Dataset records
::::

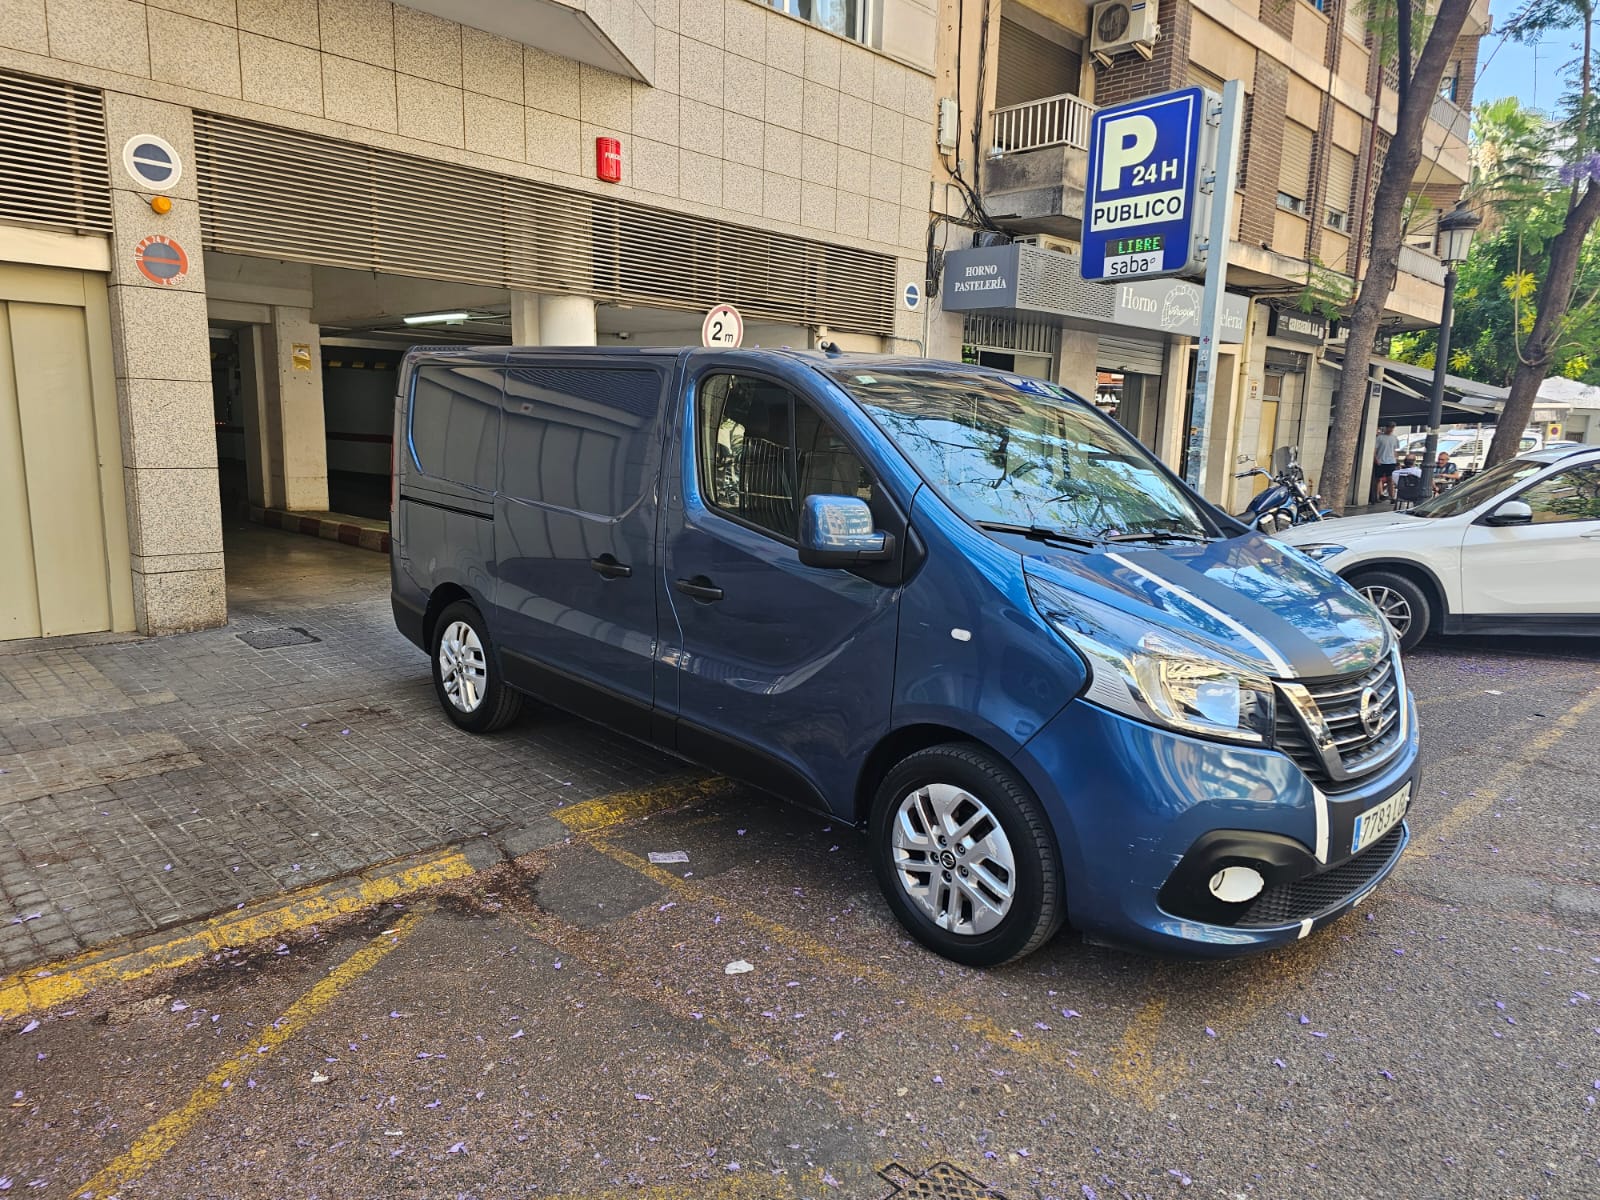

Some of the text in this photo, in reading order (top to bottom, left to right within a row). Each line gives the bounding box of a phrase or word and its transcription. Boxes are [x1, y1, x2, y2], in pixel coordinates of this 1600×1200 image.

[1101, 114, 1157, 192] P
[1093, 196, 1181, 226] PUBLICO
[1118, 236, 1161, 254] LIBRE
[965, 264, 998, 277] HORNO
[1110, 255, 1149, 275] saba
[954, 276, 1007, 292] PASTELERÍA
[1121, 286, 1158, 313] Horno
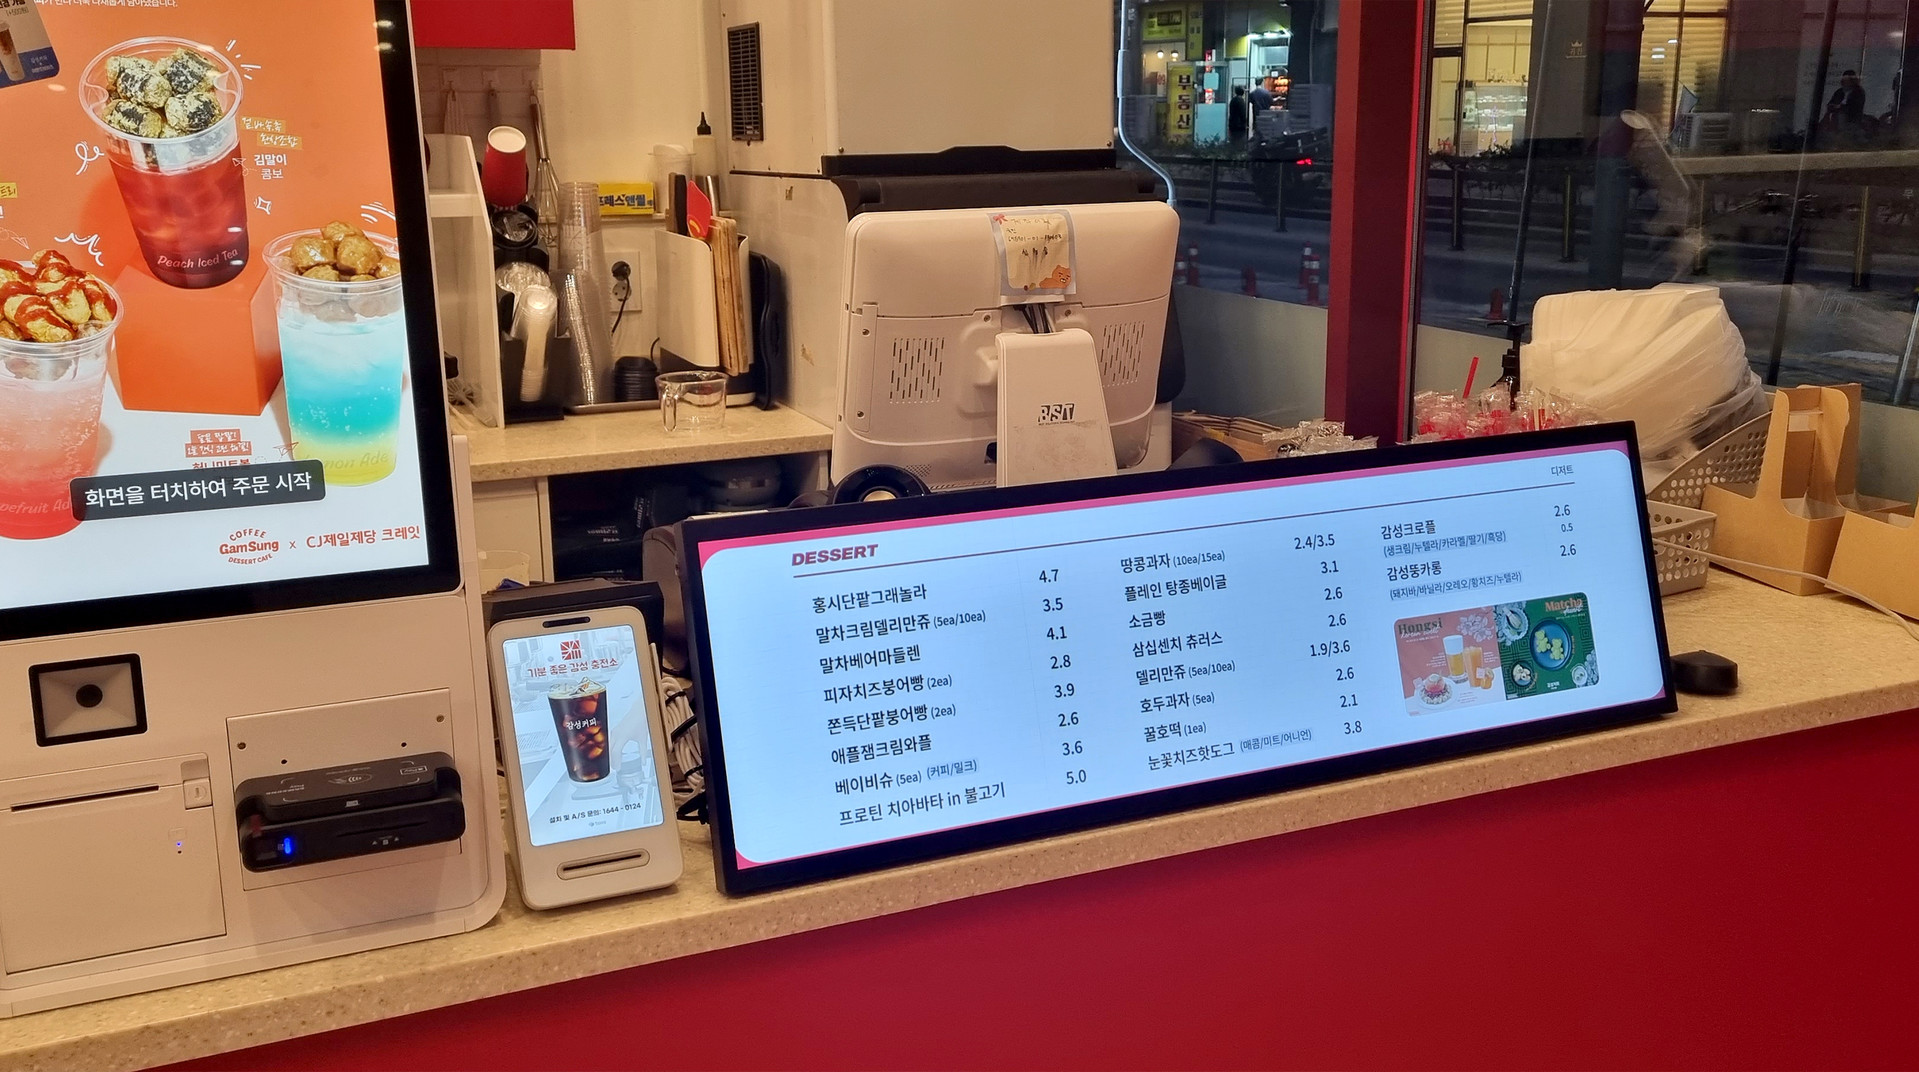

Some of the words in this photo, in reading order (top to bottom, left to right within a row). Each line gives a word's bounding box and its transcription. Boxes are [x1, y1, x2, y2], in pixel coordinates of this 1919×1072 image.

::::

Every entry above needs to be copied exactly, and no pictures go with it.

§ RESPONSE AREA
Some of the text in this photo, in reading order (top to bottom, left to right within a row). Each line gives the bounding box of a phrase or word and its transcription. Boxes are [x1, y1, x2, y2], in pixel coordinates of this 1600×1200 image.

[1101, 114, 1157, 192] P
[1093, 196, 1181, 226] PUBLICO
[1118, 236, 1161, 254] LIBRE
[965, 264, 998, 277] HORNO
[1110, 255, 1149, 275] saba
[954, 276, 1007, 292] PASTELERÍA
[1121, 286, 1158, 313] Horno

Some of the words in this photo, in reading order (top to bottom, left to right within a row). Each line gives a word's bounding box and its transcription. Boxes are [x1, y1, x2, y2], in pixel coordinates of this 1919×1072 image.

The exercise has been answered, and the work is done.